(Source data)
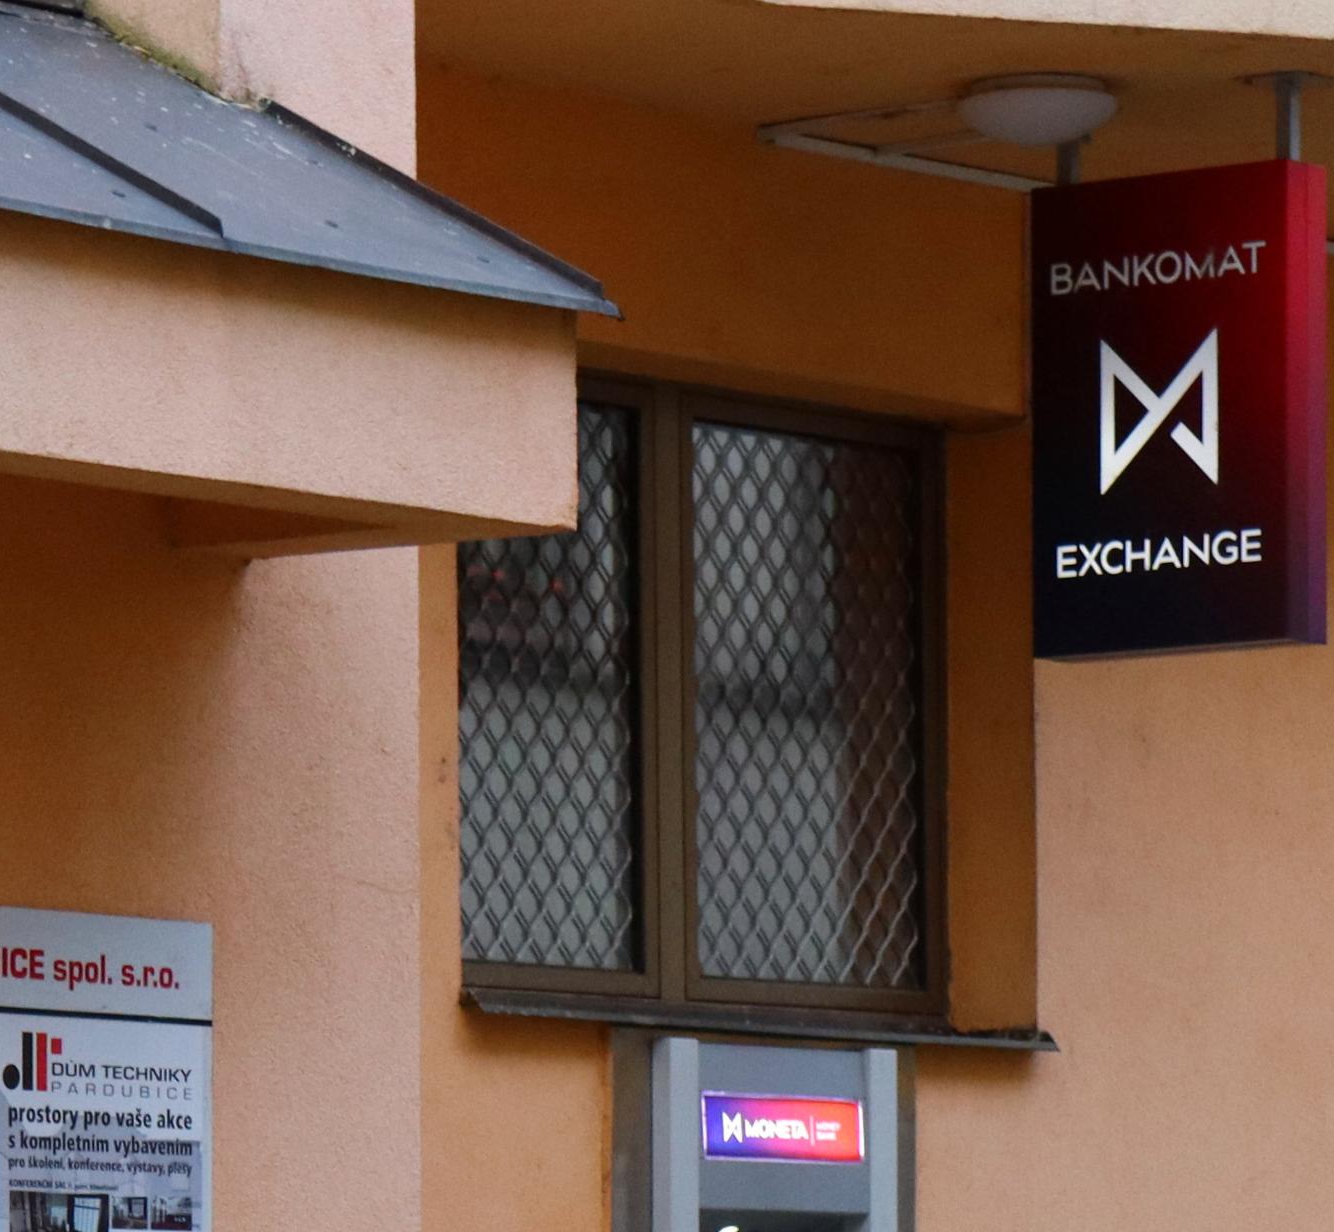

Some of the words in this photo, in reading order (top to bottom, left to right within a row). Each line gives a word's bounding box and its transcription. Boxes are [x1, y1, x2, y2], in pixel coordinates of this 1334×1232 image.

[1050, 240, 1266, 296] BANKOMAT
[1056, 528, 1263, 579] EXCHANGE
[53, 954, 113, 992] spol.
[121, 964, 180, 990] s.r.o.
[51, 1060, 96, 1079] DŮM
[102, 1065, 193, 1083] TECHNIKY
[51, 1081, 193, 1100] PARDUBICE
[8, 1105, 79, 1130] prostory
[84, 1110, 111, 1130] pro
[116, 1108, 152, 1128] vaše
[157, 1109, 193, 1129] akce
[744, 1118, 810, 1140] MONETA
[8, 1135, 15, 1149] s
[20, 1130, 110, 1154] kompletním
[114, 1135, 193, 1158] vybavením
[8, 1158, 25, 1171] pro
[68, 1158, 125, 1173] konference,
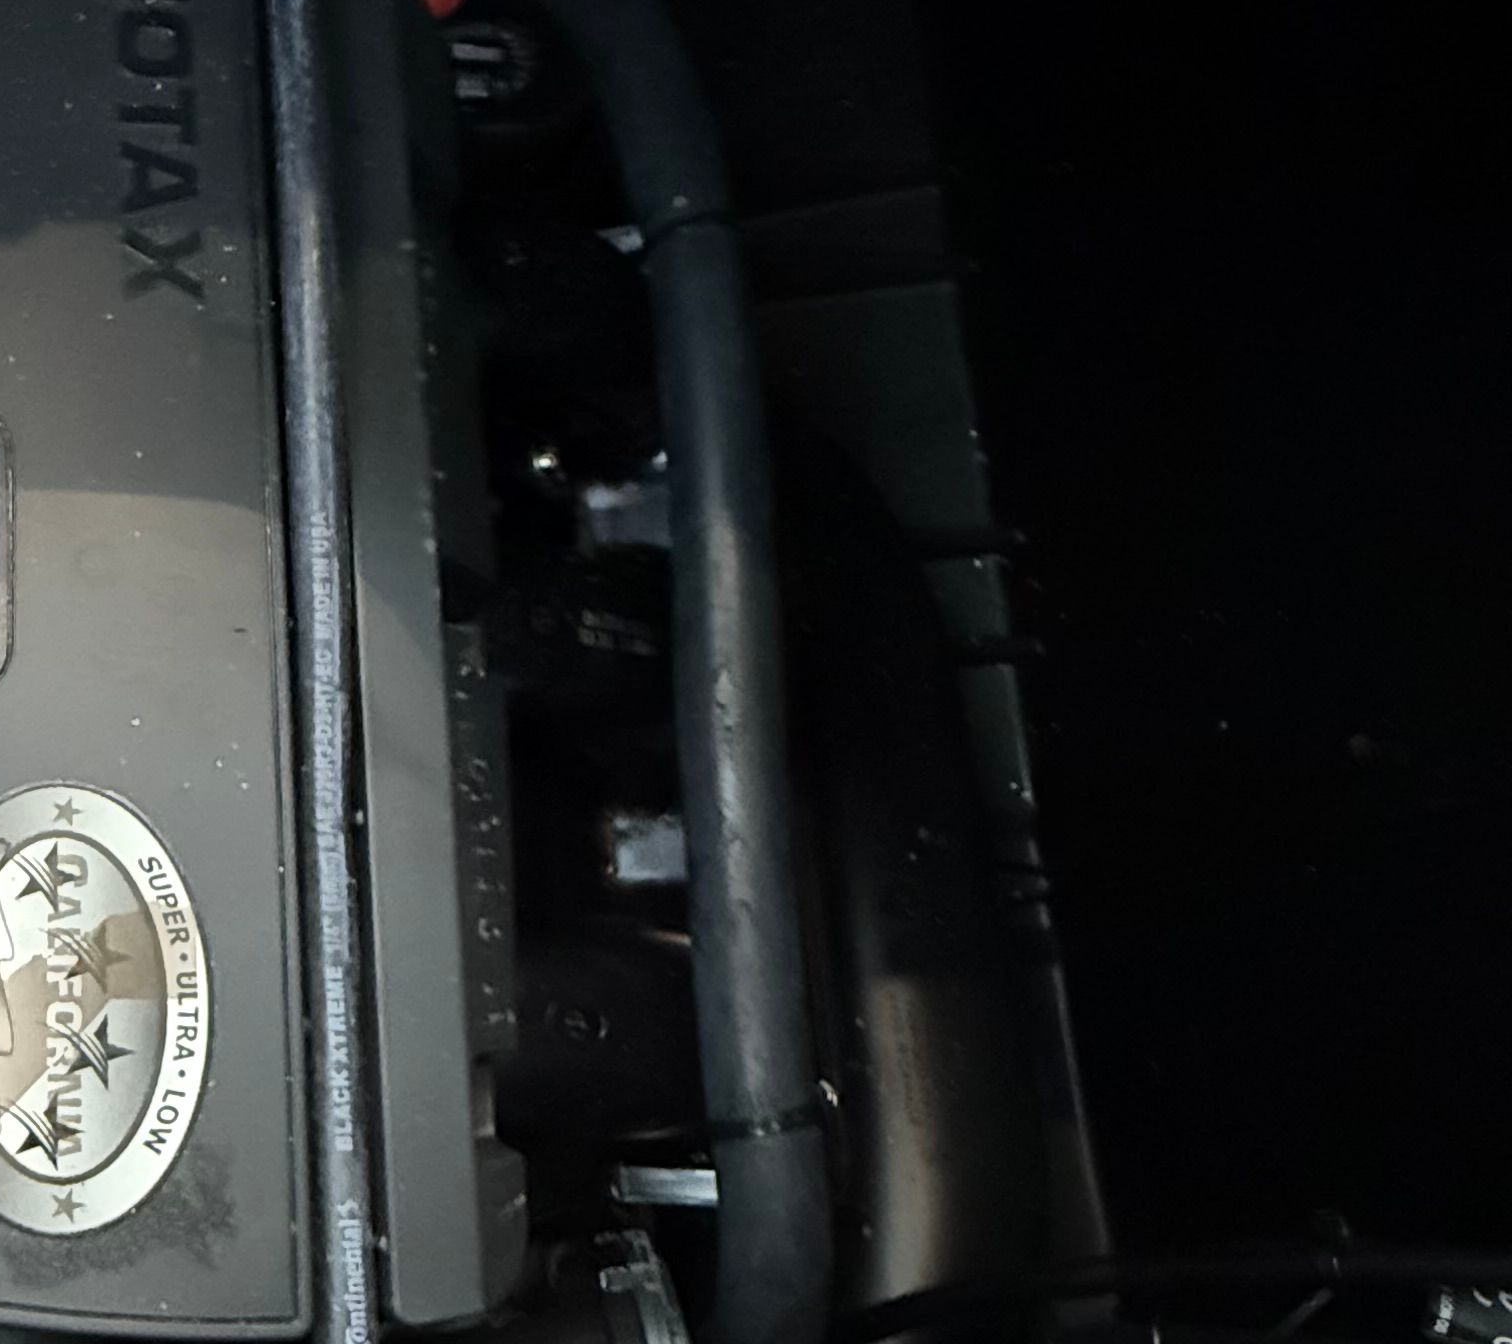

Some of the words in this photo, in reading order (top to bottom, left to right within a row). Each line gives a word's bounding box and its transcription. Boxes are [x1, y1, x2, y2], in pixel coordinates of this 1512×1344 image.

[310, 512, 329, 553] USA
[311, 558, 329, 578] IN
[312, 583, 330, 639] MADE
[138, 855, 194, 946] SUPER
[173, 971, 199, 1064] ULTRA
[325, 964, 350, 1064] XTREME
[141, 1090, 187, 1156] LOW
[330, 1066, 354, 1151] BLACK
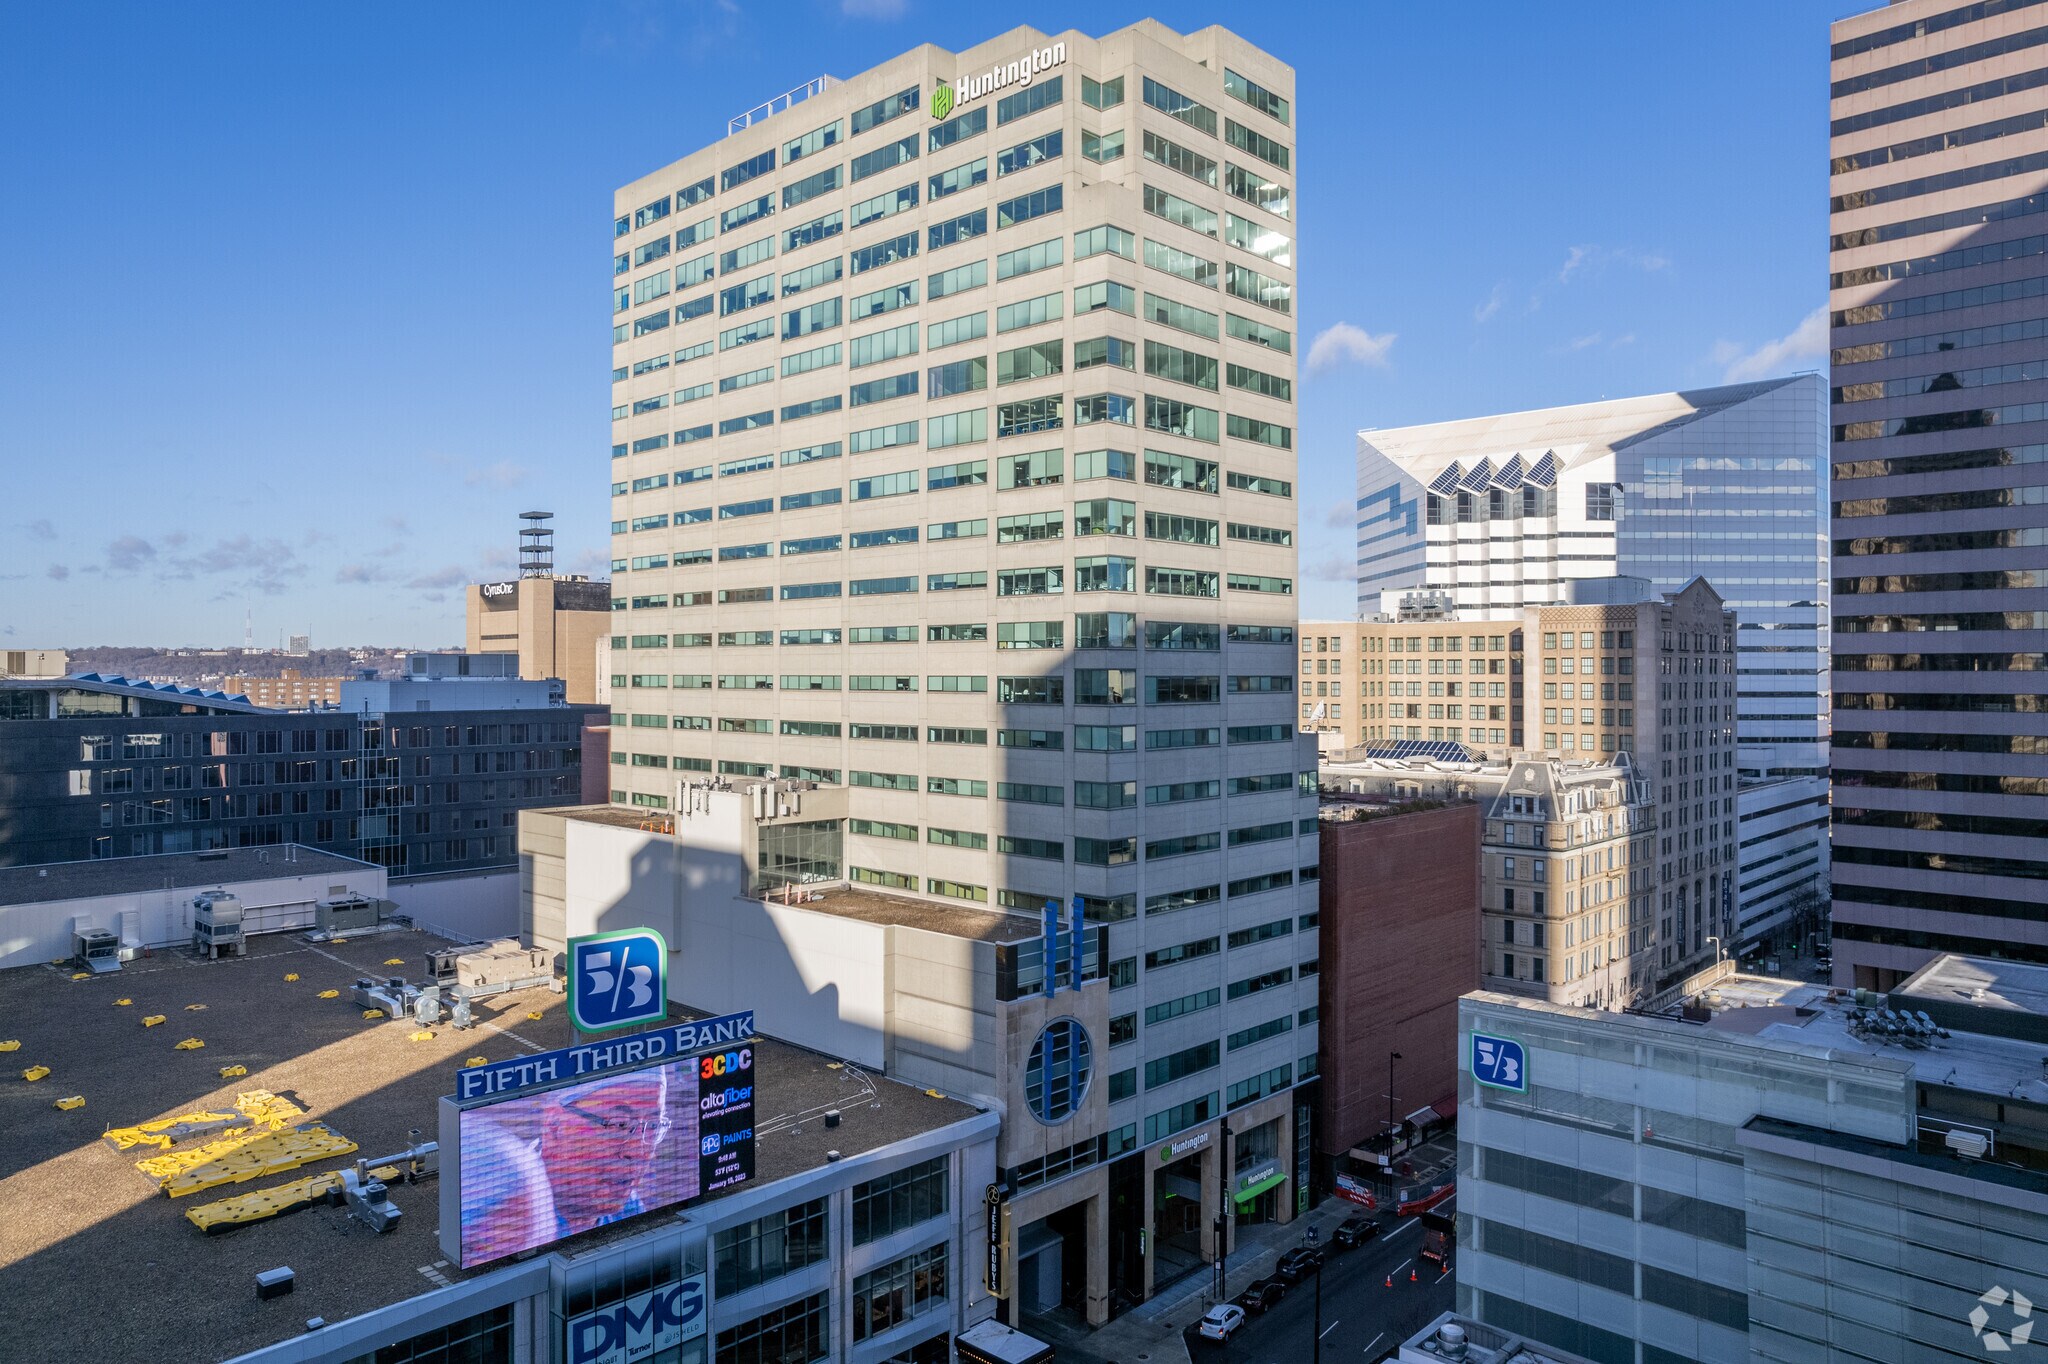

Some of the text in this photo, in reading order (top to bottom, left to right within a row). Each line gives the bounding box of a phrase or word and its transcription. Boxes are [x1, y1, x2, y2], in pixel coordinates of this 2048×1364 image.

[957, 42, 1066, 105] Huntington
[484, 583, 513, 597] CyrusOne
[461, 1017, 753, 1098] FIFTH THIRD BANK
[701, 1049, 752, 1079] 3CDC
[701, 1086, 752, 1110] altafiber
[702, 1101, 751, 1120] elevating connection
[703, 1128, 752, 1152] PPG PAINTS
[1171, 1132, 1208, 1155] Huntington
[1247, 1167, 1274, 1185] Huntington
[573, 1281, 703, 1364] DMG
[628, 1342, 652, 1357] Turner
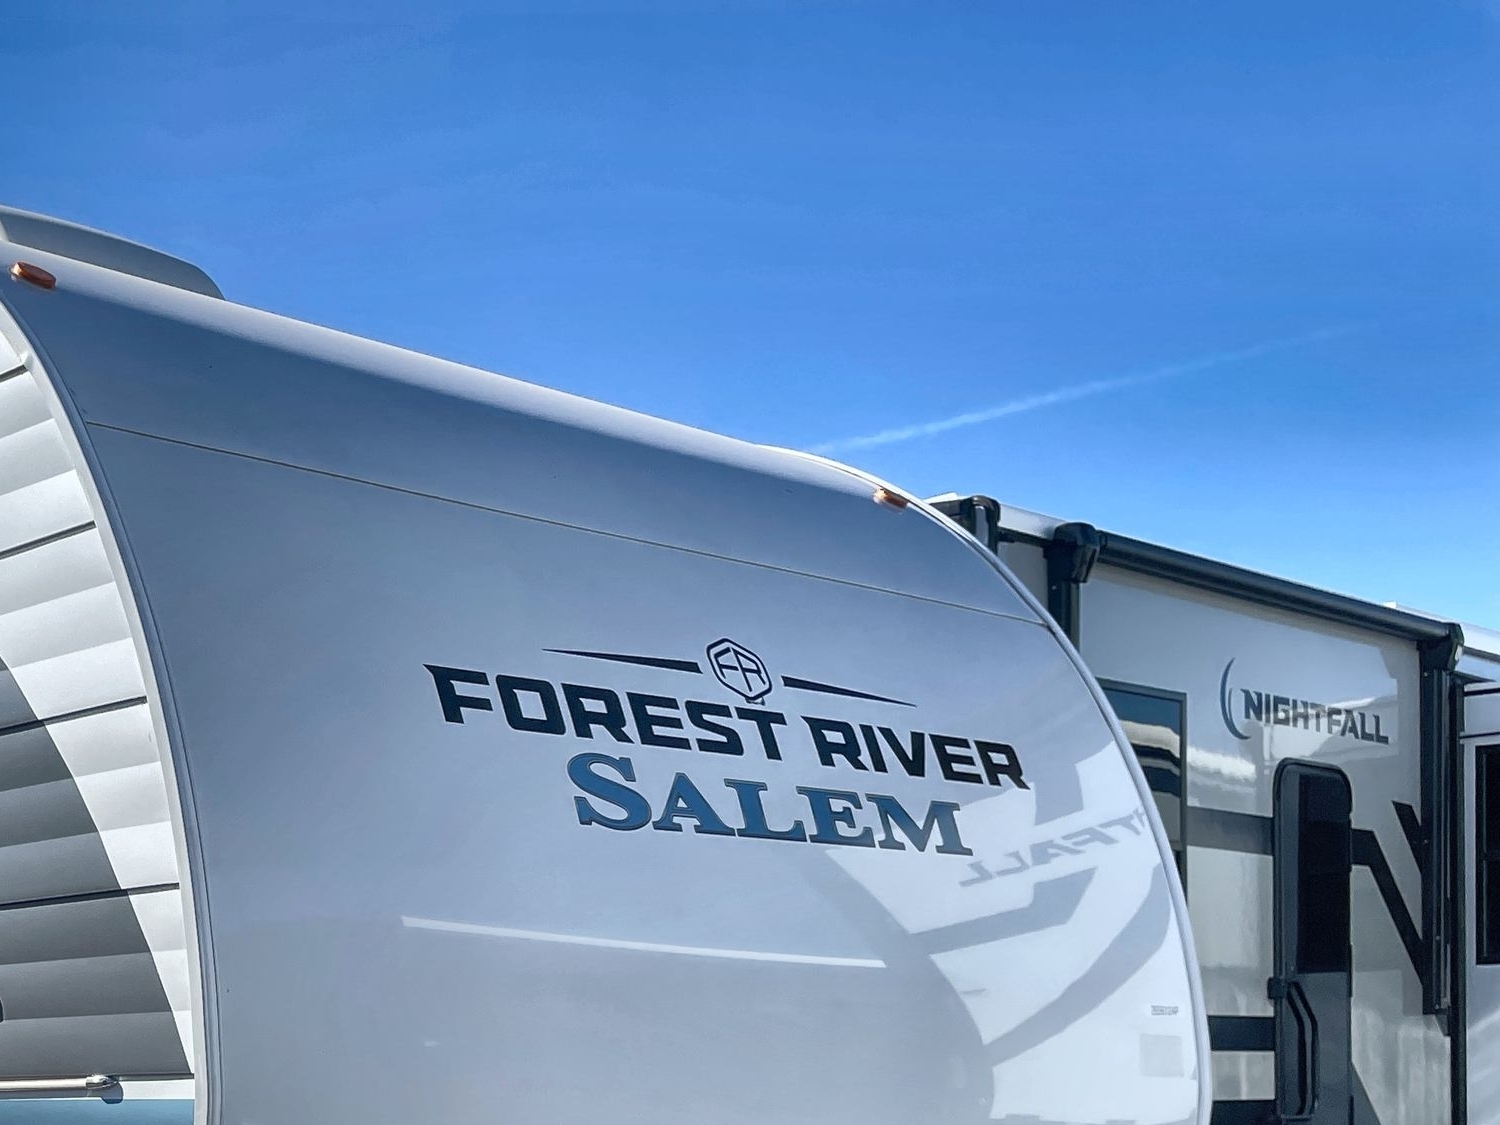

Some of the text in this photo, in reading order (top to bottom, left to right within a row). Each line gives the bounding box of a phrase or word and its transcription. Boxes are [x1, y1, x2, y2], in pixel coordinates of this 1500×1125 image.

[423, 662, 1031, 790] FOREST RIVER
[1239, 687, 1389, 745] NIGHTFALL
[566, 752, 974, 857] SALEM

→ **Your objective**: Each entry above should be written out again exactly, without its pictures.

→ **Answer to the exercise**:
Some of the words in this photo, in reading order (top to bottom, left to right within a row). Each line gives a word's bounding box and its transcription. Boxes are [x1, y1, x2, y2], in pixel coordinates of this 1334×1232 image.

[1050, 240, 1266, 296] BANKOMAT
[1056, 528, 1263, 579] EXCHANGE
[53, 954, 113, 992] spol.
[121, 964, 180, 990] s.r.o.
[51, 1060, 96, 1079] DŮM
[102, 1065, 193, 1083] TECHNIKY
[51, 1081, 193, 1100] PARDUBICE
[8, 1105, 79, 1130] prostory
[84, 1110, 111, 1130] pro
[116, 1108, 152, 1128] vaše
[157, 1109, 193, 1129] akce
[744, 1118, 810, 1140] MONETA
[8, 1135, 15, 1149] s
[20, 1130, 110, 1154] kompletním
[114, 1135, 193, 1158] vybavením
[8, 1158, 25, 1171] pro
[68, 1158, 125, 1173] konference,

Some of the words in this photo, in reading order (top to bottom, left to right within a row). Each line gives a word's bounding box and its transcription. Boxes are [x1, y1, x2, y2], in pixel coordinates of this 1512×1344 image.

[310, 512, 329, 553] USA
[311, 558, 329, 578] IN
[312, 583, 330, 639] MADE
[138, 855, 194, 946] SUPER
[173, 971, 199, 1064] ULTRA
[325, 964, 350, 1064] XTREME
[141, 1090, 187, 1156] LOW
[330, 1066, 354, 1151] BLACK

Some of the text in this photo, in reading order (top to bottom, left to right within a row). Each line gives the bounding box of a phrase or word and its transcription. Boxes are [x1, y1, x2, y2], in pixel coordinates of this 2048×1364 image.

[957, 42, 1066, 105] Huntington
[484, 583, 513, 597] CyrusOne
[461, 1017, 753, 1098] FIFTH THIRD BANK
[701, 1049, 752, 1079] 3CDC
[701, 1086, 752, 1110] altafiber
[702, 1101, 751, 1120] elevating connection
[703, 1128, 752, 1152] PPG PAINTS
[1171, 1132, 1208, 1155] Huntington
[1247, 1167, 1274, 1185] Huntington
[573, 1281, 703, 1364] DMG
[628, 1342, 652, 1357] Turner

Some of the text in this photo, in reading order (top to bottom, left to right within a row). Each line gives the bounding box of a phrase or word and its transcription. Boxes are [x1, y1, x2, y2], in pixel coordinates of this 1500×1125 image.

[423, 662, 1031, 790] FOREST RIVER
[1239, 687, 1389, 745] NIGHTFALL
[566, 752, 974, 857] SALEM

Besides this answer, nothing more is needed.